Она была въ припадкѣ самаго искренняго самобичеванiя и, кончивъ, съ вызывающею рѣшимостью поглядѣла на старца.


 94 ‑

— Это точь въ точь какъ разсказывалъ мнѣ, давно уже впрочемъ, одинъ докторъ, замѣтилъ старецъ. — Человѣкъ былъ уже пожилой и безспорно умный. Онъ говорилъ также откровенно какъ вы, хотя и шутя, но скорбно шутя; я, говоритъ, люблю человѣчество, но дивлюсь на себя самого: чѣмъ больше я люблю человѣчество вообще, тѣмъ меньше я люблю людей въ частности, то есть порознь, какъ отдѣльныхъ лицъ. Въ мечтахъ я нерѣдко, говоритъ, доходилъ до страстныхъ помысловъ о служенiи человѣчеству и можетъ быть дѣйствительно пошелъ бы на крестъ за людей еслибъ это вдругъ какъ нибудь потребовалось, а между тѣмъ я двухъ дней не въ состоянiи прожить ни съ кѣмъ въ одной комнатѣ, о чемъ знаю изъ опыта. Чуть онъ близко отъ меня, и вотъ ужь его личность давитъ мое самолюбiе и стѣсняетъ мою свободу. Въ однѣ сутки я могу даже лучшаго человѣка возненавидѣть: одного за то что онъ долго ѣстъ за обѣдомъ, другаго за то что у него насморкъ и онъ безпрерывно сморкается. Я, говоритъ, становлюсь врагомъ людей чуть-чуть лишь тѣ ко мнѣ прикоснутся. За то всегда такъ происходило, что чѣмъ болѣе я ненавидѣлъ людей въ частности, тѣмъ пламеннѣе становилась любовь моя къ человѣчеству вообще.

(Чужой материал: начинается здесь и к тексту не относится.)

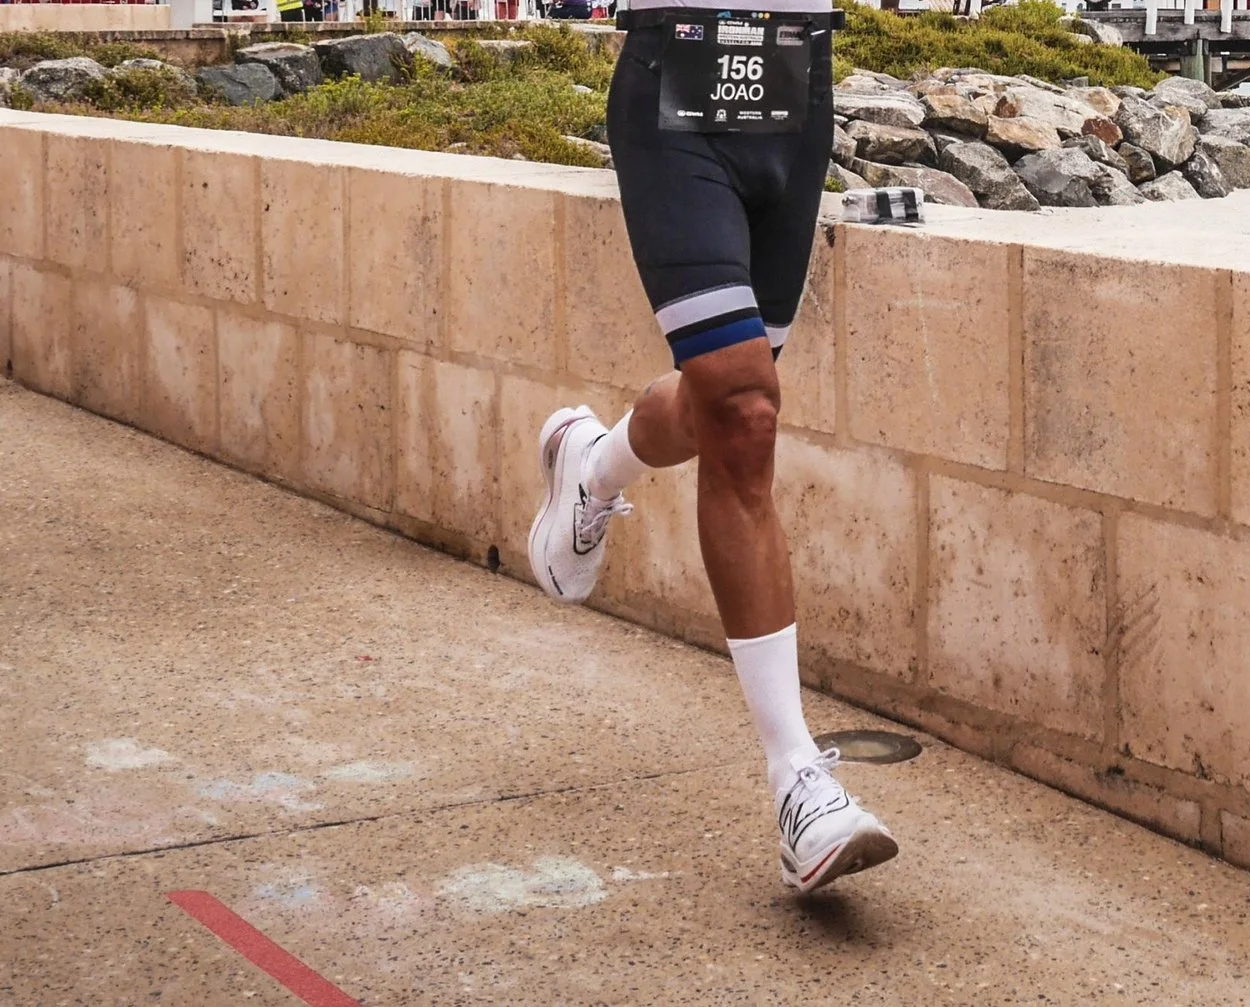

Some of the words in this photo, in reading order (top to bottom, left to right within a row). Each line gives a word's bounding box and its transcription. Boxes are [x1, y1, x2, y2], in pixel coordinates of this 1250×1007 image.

[718, 25, 765, 36] IRONMAN
[717, 54, 764, 80] 156
[710, 83, 764, 101] JOAO

— Но что же дѣлать? Что же въ такомъ случаѣ дѣлать? Тутъ надо въ отчаянiе придти?

— Нѣтъ, ибо и того довольно что вы о семъ сокрушаетесь. Сдѣлайте что можете и сочтется вамъ. У васъ же много уже сдѣлано, ибо вы могли столь глубоко и искренно сознать себя сами! Если же вы и со мной теперь говорили столь искренно для того чтобы какъ теперь отъ меня лишь похвалу получить за вашу правдивость, то конечно ни до чего не дойдете въ подвигахъ дѣятельной любви; такъ все и останется лишь въ мечтахъ вашихъ, и вся жизнь мелькнетъ


 95 ‑

какъ призракъ. Тутъ, понятно, и о будущей жизни забудете, и сами собой подъ конецъ какъ нибудь успокоитесь.

— Вы меня раздавили! Я теперь только, вотъ въ это мгновенiе, какъ вы говорили, поняла что я дѣйствительно ждала только вашей похвалы моей искренности, когда вамъ разсказывала о томъ что не выдержу неблагодарности. Вы мнѣ подсказали меня, вы уловили меня и мнѣ же объяснили меня!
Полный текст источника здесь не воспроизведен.